Comme dans les précédents récits consacrés à Thanos, Jim Starlin intègre Adam Warlock à l'histoire, ces 2 personnages incarnant une variation du yin et du yang. Comme d'habitude, le lecteur se dit que Starlin cède un peu à la facilité en répétant le schéma habituel des récits estampillé Infinity en faisant interagir ses 2 personnages fétiches. Comme d'habitude, la lecture de "Infinity revelation" produit de prime abord un drôle d'impression, un mélange un peu heurté d'une quête d'un objet de pouvoir indéterminé, avec un risque à l'échelle de l'existence de l'univers, et des combats physiques parachutés pour remplir le quota contractuel, pour aboutir à une séquence métaphysique à la portée toute relative.

Bien que Starlin ne s'encre pas lui-même, il est visible qu'il a pris le temps de peaufiner ses dessins. Pour commencer, il a enfin investi dans un logiciel infographique qui date de moins de 15 ans et les effets spéciaux sont moins ridicules que sur ses précédents travaux (ou alors il a délégué la tâche de réaliser des arrières plans à l'infographie aux 2 metteurs en couleurs). Ensuite, il est visible qu'il a recours régulièrement au raccourci qui consiste à situer une scène dans un endroit désertique pour s'économiser sur les décors, mais il gère la surface de la case de manière à en occuper la majeure partie. Ainsi la densité d'informations visuelles reste satisfaisante. Enfin quand la séquence le requiert, il sait réaliser des décors détaillés qui permettent au lecteur de s'immerger dans l'endroit décrit.

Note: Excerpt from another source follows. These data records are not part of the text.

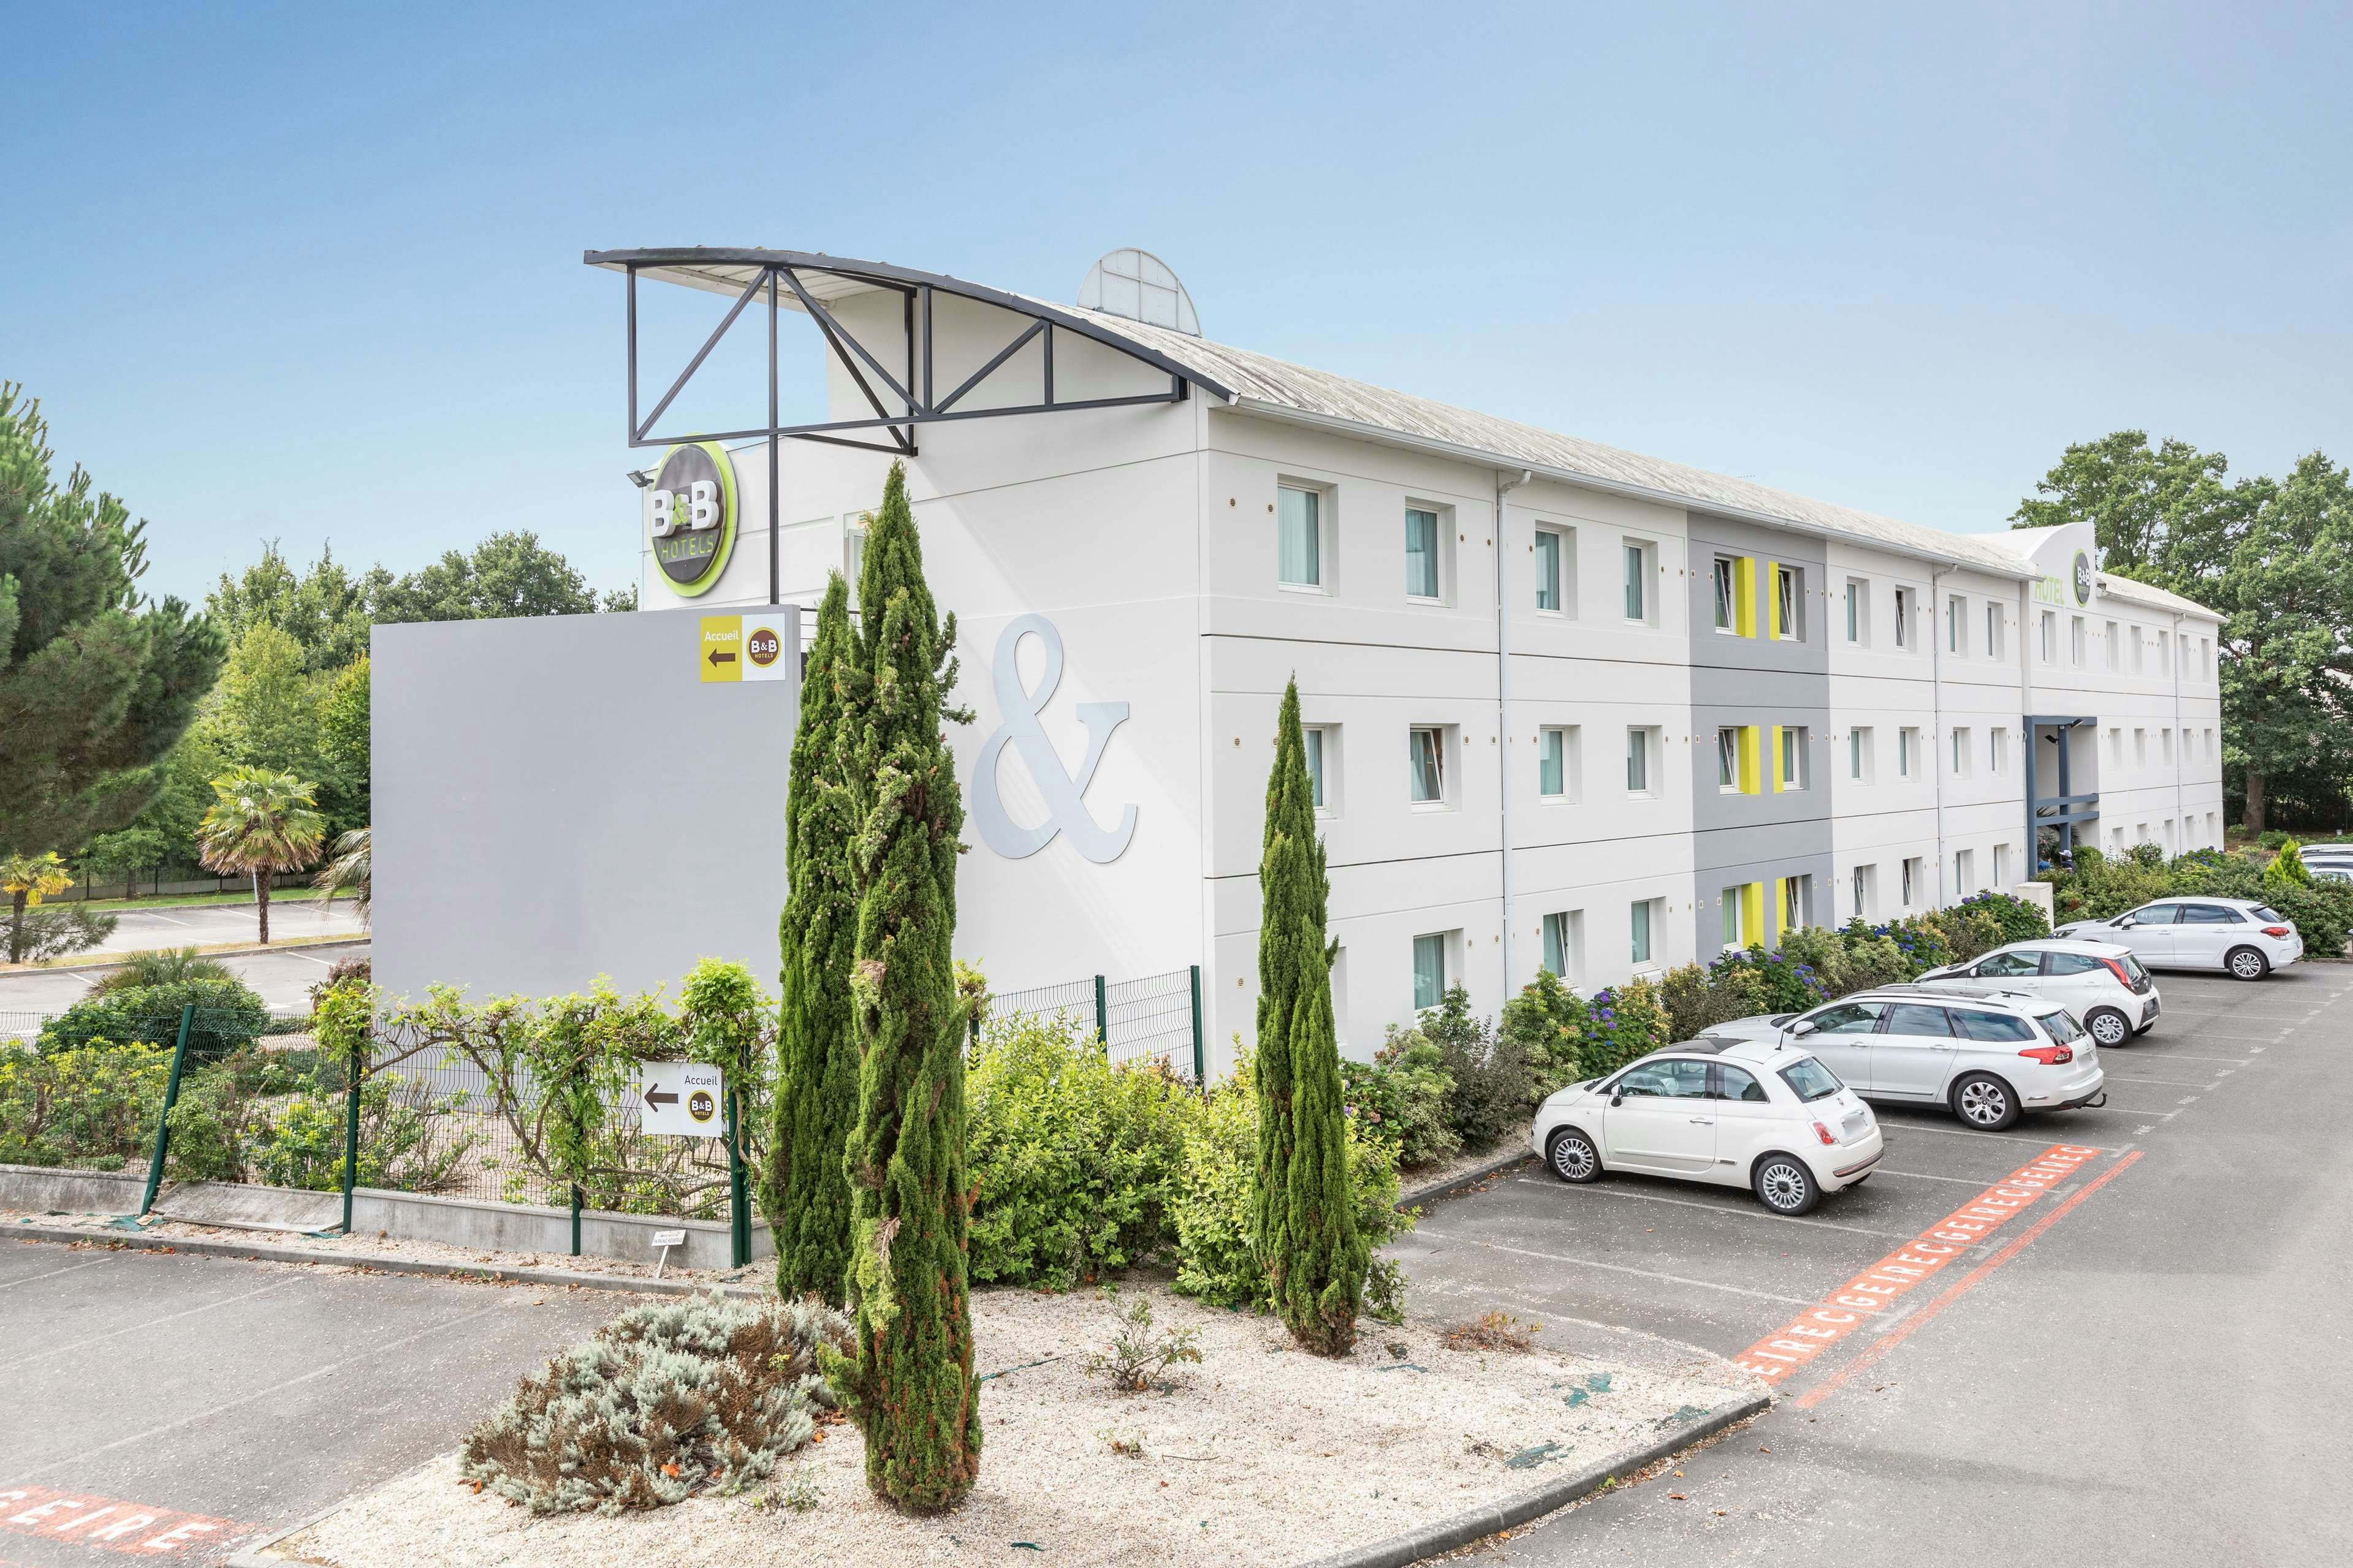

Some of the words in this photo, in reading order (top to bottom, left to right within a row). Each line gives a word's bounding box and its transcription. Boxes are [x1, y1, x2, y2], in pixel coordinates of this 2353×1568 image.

[651, 480, 719, 538] B&B
[661, 534, 715, 560] HOTELS
[704, 630, 739, 642] Accueil
[751, 640, 777, 653] B&B
[971, 613, 1138, 864] &
[685, 1075, 718, 1086] Accueil
[691, 1100, 712, 1112] B&B
[1737, 1311, 1855, 1376] EIREC

En surface, le lecteur prend plaisir à lire un récit de superhéros de type cosmique, avec quelques invités surprises utilisés à bon escient et le risque de la destruction de toute la réalité. À y regarder de plus prêt, dès la page 4, le lecteur a le plaisir de voir que Starlin rehausse son récit de quelques touches discrètes d'autodérision montrant qu'il ne se prend pas trop au sérieux. Cela commence avec la première image de Thanos, avec le petit filet de bave au coin de la bouche comme n'importe quel usager assoupi des transports en commun. Dans la séquence suivante (à bord du vaisseau des gardiens de la galaxie), voilà que le costume de Drax subit des fluctuations, oscillant du simple pantalon avec des gros tatouages rouges, à son ancien costume violet. Thanos va également évoquer les différentes tenues vestimentaires d'Adam Warlock au fil des époques.

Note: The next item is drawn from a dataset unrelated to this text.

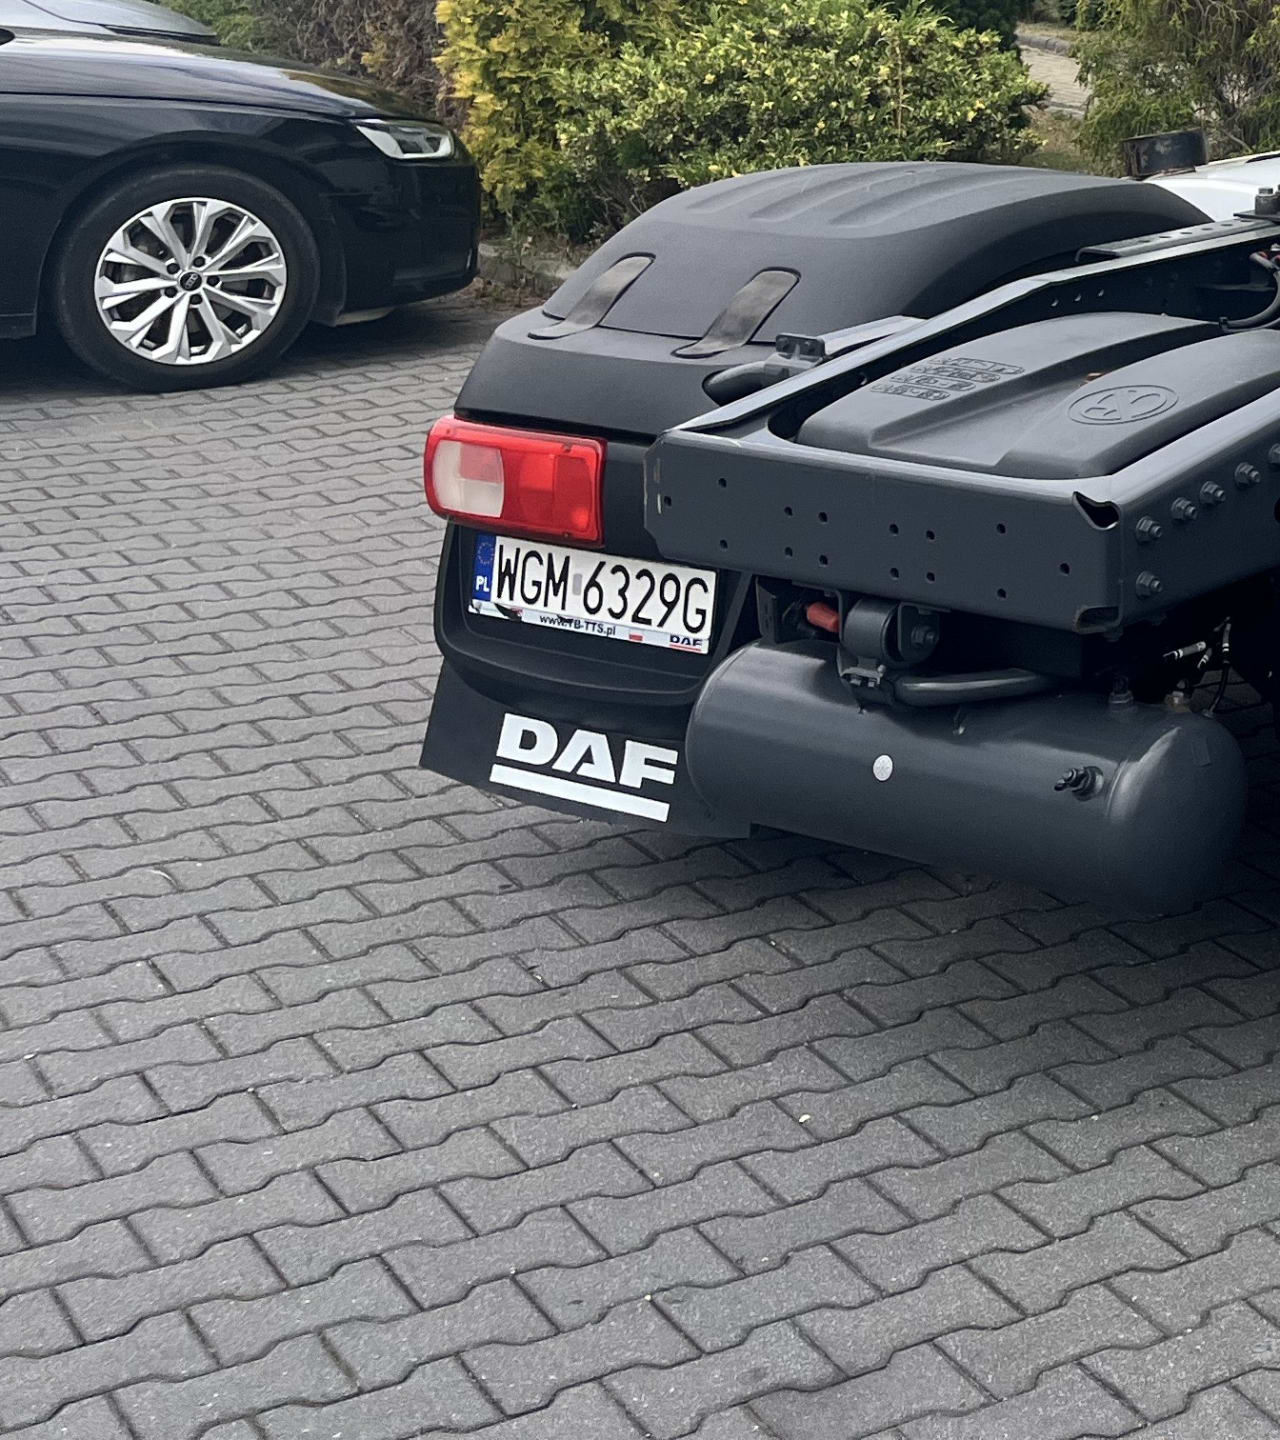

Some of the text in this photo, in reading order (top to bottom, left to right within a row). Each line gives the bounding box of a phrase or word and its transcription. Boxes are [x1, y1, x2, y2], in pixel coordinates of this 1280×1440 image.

[475, 575, 490, 593] PL
[497, 544, 709, 634] WGM 6329G
[669, 635, 704, 647] DAF
[496, 713, 679, 789] DAF

Arrivé au milieu du récit, Warlock et Thanos passent en revue les agissements de ce dernier évoquant tout (y compris Akhenaten) qu'il s'agisse des histoires écrites par Starlin ou par d'autres (Starlin n'hésitant pas à égratigner les autres scénaristes qui ont écrit le personnage sans respecter son profil psychologique), Warlock raillant Thanos pour sa propension à tabasser les superhéros plutôt que de discuter avec eux. Il s'offre à nouveau une séquence au cours de laquelle Thanos bat à plate couture quelques superhéros (les Annihilators) pour bien rappeler qu'ils n'arrivent pas à la cheville de Thanos qui est au dessus de la mêlée.

Alors que la fin peut laisser un goût d'incompréhension au premier degré, en y réfléchissant, Starlin s'en sert comme d'une métaphore pour relativiser l'importance de la continuité et le changement de psychologie des personnages manipulés par des scénaristes successifs. Starlin jette un regard apaisé sur les distorsions de continuité (pour ne pas dire les incohérences), indiquant que ce qui importe au final, c'est avant tout les qualités intrinsèques du personnage que le créateur lui a insufflées. Il finit même par justifier de manière convaincante le retour au statu quo et sa nécessité pour des personnages récurrents de fiction : une belle déclaration d'amour au médium des comics, une belle acceptation des avanies que subissent des personnages récurrents de fiction qui passent aux mains d'auteurs successifs.